Last year’s event welcomed ~600 semiconductor professionals from 250+ companies and more than 50% engineering leaders. Companies represented included Apple, Google, Amazon, Meta, Intel, NVIDIA, Qualcomm, Samsung, TSMC, Synopsys, Cadence, Siemens EDA, Alibaba, Renesas.

A Forum for Real Products

The central theme of RISC-V Now! is productization. Attendees including engineers, architects, business leaders, and open-source advocates come together not just to talk about what RISC-V could enable, but what it is enabling now. From silicon implementations and SoC designs to compilers, operating systems, and security frameworks, the conference highlights concrete progress across the industry.

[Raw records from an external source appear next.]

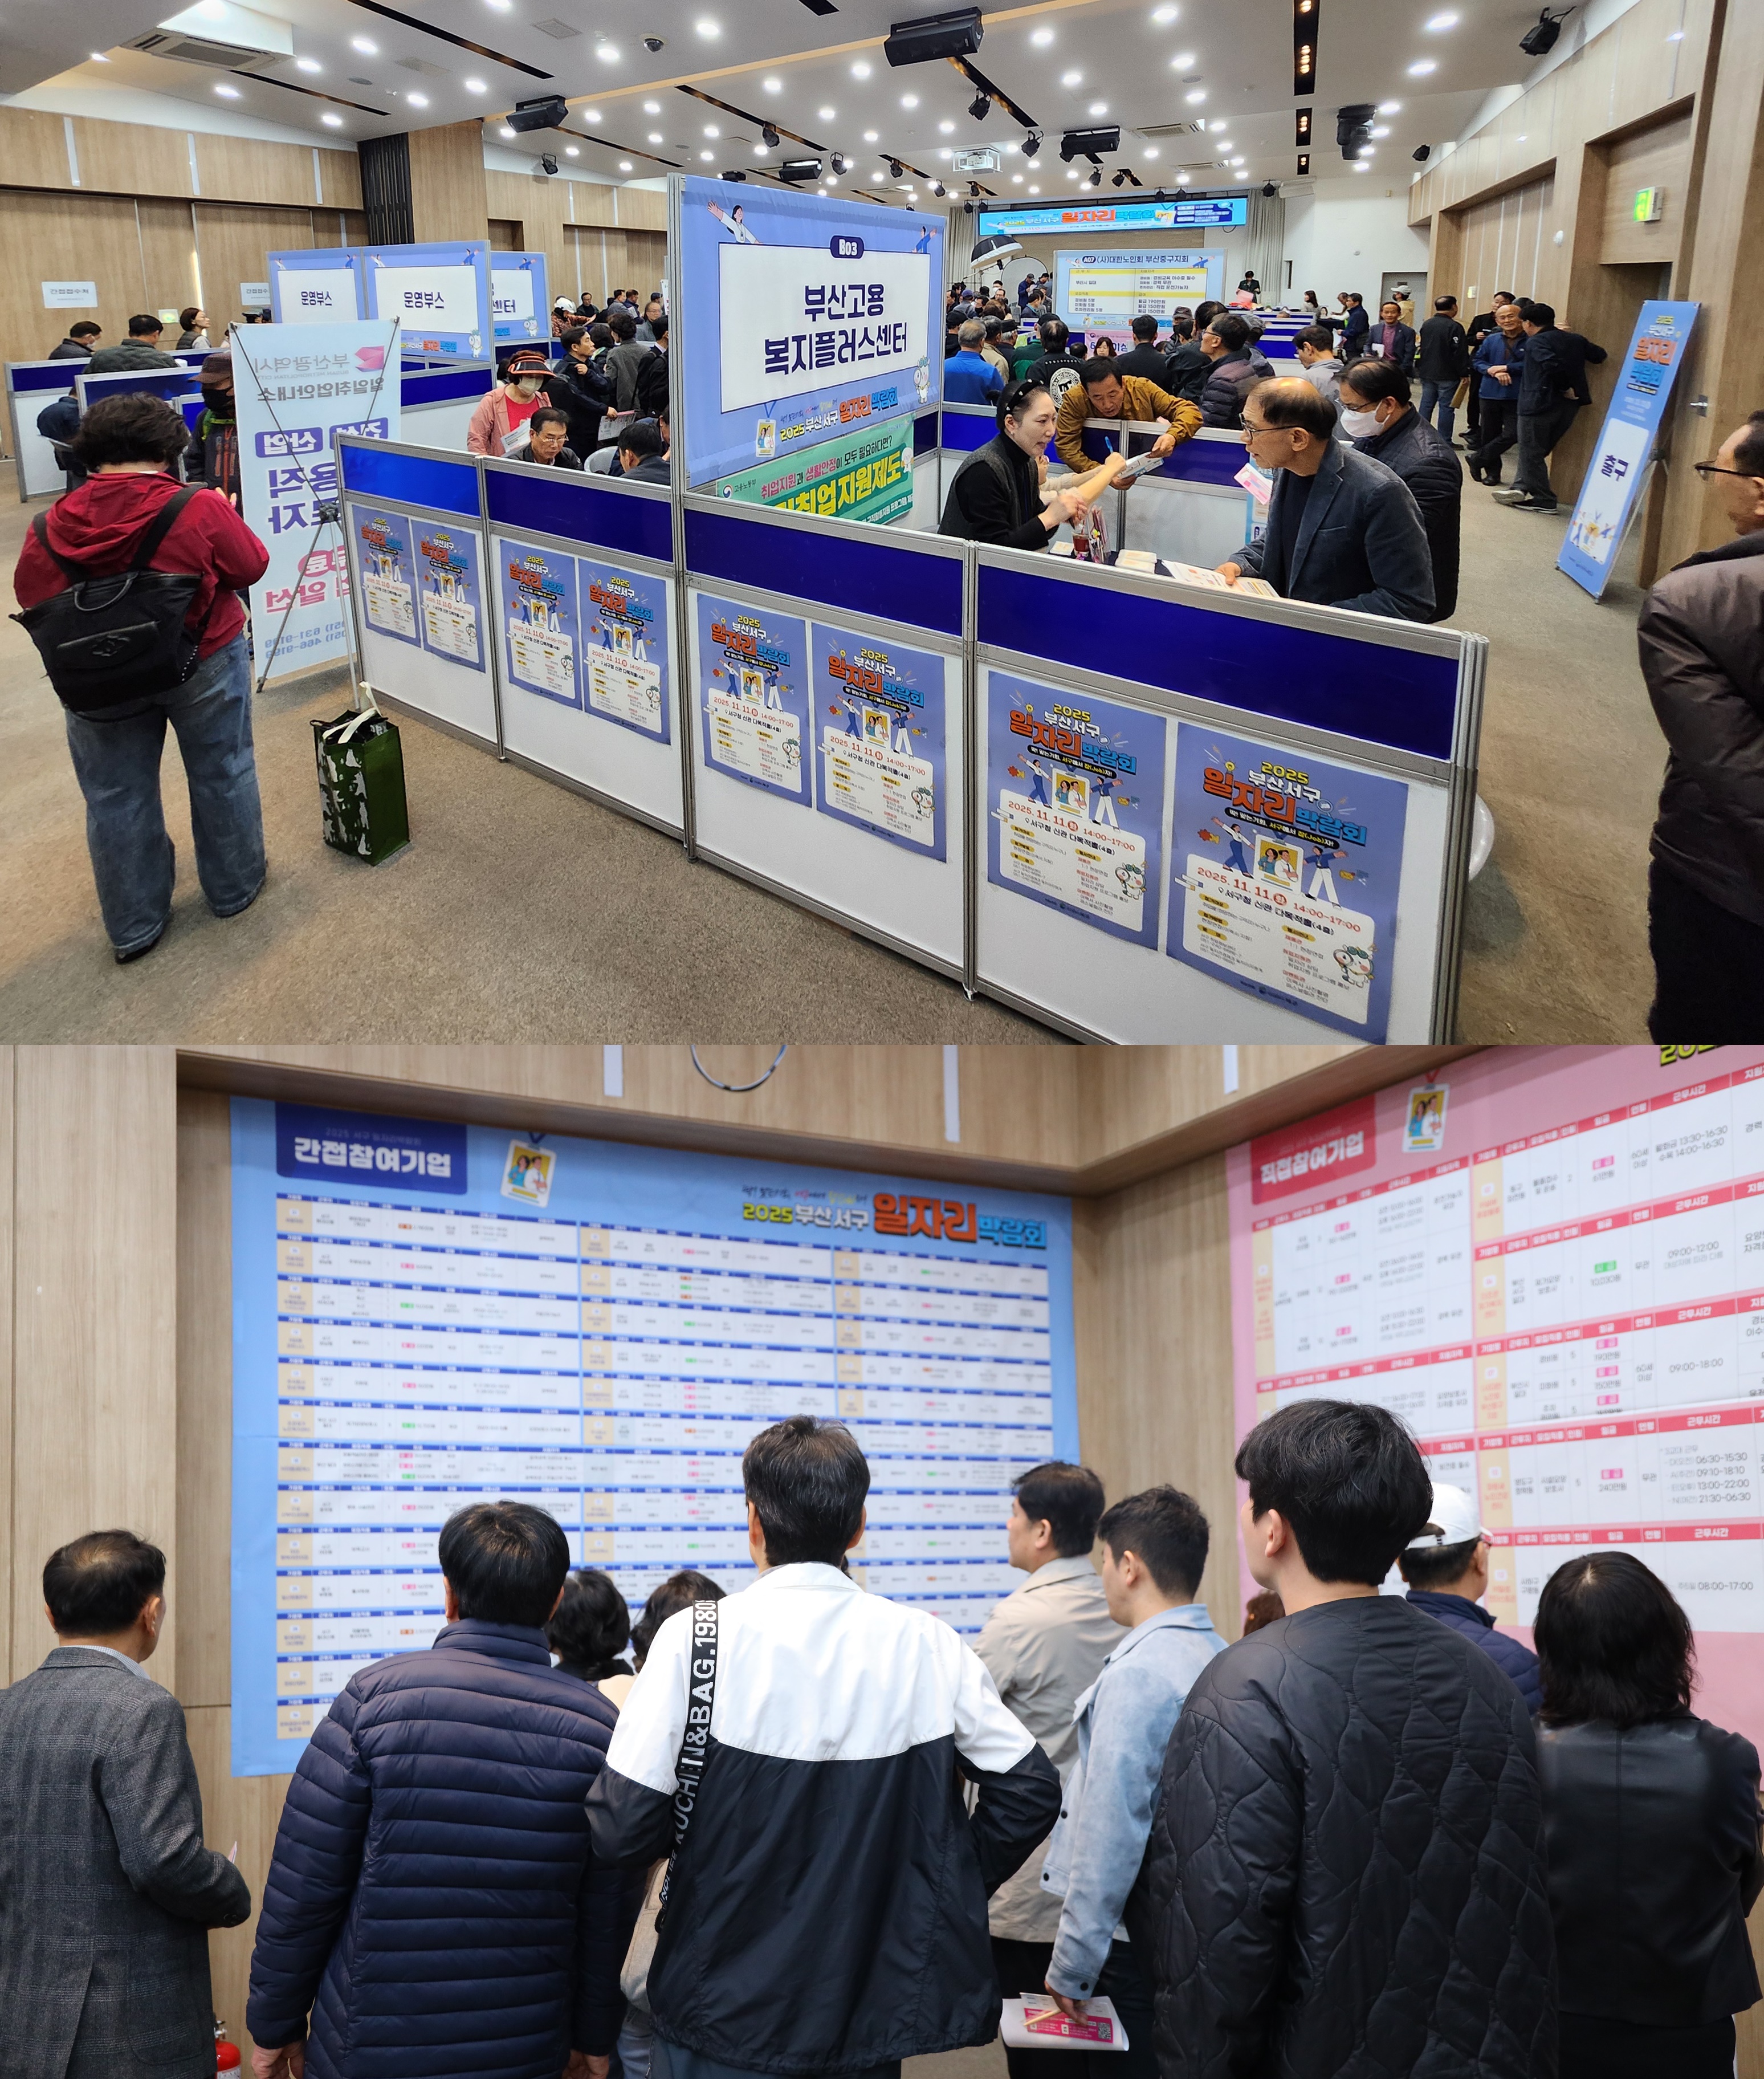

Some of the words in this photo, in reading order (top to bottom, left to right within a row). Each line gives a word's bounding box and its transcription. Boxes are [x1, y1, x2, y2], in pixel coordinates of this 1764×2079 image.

[1061, 209, 1115, 223] 일자리
[839, 238, 858, 255] B03
[301, 291, 332, 307] 운영부스
[404, 291, 445, 310] 운영부스
[804, 284, 885, 322] 부산고용
[764, 322, 907, 375] 복지플러스센터
[1633, 336, 1679, 365] 일자리
[780, 422, 805, 441] 2025
[840, 394, 871, 423] 일자리
[871, 387, 899, 411] 박람회
[761, 472, 804, 499] 취업지원과
[805, 458, 842, 482] 생활안정이
[844, 450, 857, 465] 모두
[859, 435, 893, 459] 필요하다면?
[523, 562, 549, 575] 부산서구
[527, 555, 544, 565] 2025
[509, 563, 542, 589] 일자리
[611, 576, 630, 588] 2025
[606, 583, 635, 599] 부산서구
[589, 584, 627, 615] 일자리
[626, 604, 654, 622] 박람회
[732, 622, 767, 640] 부산서구
[738, 615, 760, 628] 2025
[711, 623, 757, 658] 일자리
[756, 645, 791, 667] 박람회
[861, 648, 889, 662] 2025
[854, 655, 896, 677] 부산서구
[828, 654, 883, 695] 일자리
[882, 681, 924, 708] 박람회
[1053, 703, 1091, 722] 2025
[1044, 710, 1101, 738] 부산서구
[830, 735, 850, 748] 2025.
[1009, 709, 1082, 758] 일자리
[1082, 741, 1136, 776] 박람회
[1261, 761, 1309, 784] 2025
[1249, 770, 1321, 804] 부산서구
[1008, 800, 1034, 816] 2025.
[1203, 767, 1296, 825] 일자리
[1295, 806, 1367, 847] 박람회
[1030, 818, 1051, 832] 서구청
[1053, 828, 1068, 839] 신관
[1197, 866, 1230, 885] 2025.
[1225, 889, 1251, 905] 서구청
[1254, 900, 1273, 913] 신관
[1673, 1084, 1706, 1102] 근무시간
[294, 1136, 451, 1178] 간접참여기업
[1260, 1130, 1364, 1185] 직접참여기업
[1675, 1194, 1709, 1211] 근무시간
[743, 1203, 793, 1224] 2025
[873, 1193, 977, 1242] 일자리
[978, 1214, 1048, 1249] 박람회
[1677, 1306, 1712, 1321] 근무시간
[1687, 1414, 1721, 1427] 근무시간
[1599, 1483, 1627, 1492] 240만원
[1694, 1527, 1729, 1538] 근무시간

By emphasizing real products rather than prototypes or speculative technologies, RISC-V Now! reduces the gap between specification and shipment. Sessions are structured around case studies, deployment stories, and lessons learned from bringing RISC-V solutions to market. This pragmatic focus accelerates commercial maturity by helping participants avoid common pitfalls, leverage proven strategies, and adopt best practices that have already shown success.

Building an Ecosystem

A key challenge for any open standard is building a robust ecosystem — one that encompasses tools, IP blocks, software stacks, developer communities, and end-user markets. For RISC-V, ecosystem development is especially critical because the architecture thrives on extensibility; companies can add custom extensions to differentiate their products. Without shared tooling and interoperability norms, such flexibility could fragment the landscape. RISC-V Now! tackles this challenge head-on by bringing stakeholders together to align on standard extensions, testing frameworks, and compliance suites.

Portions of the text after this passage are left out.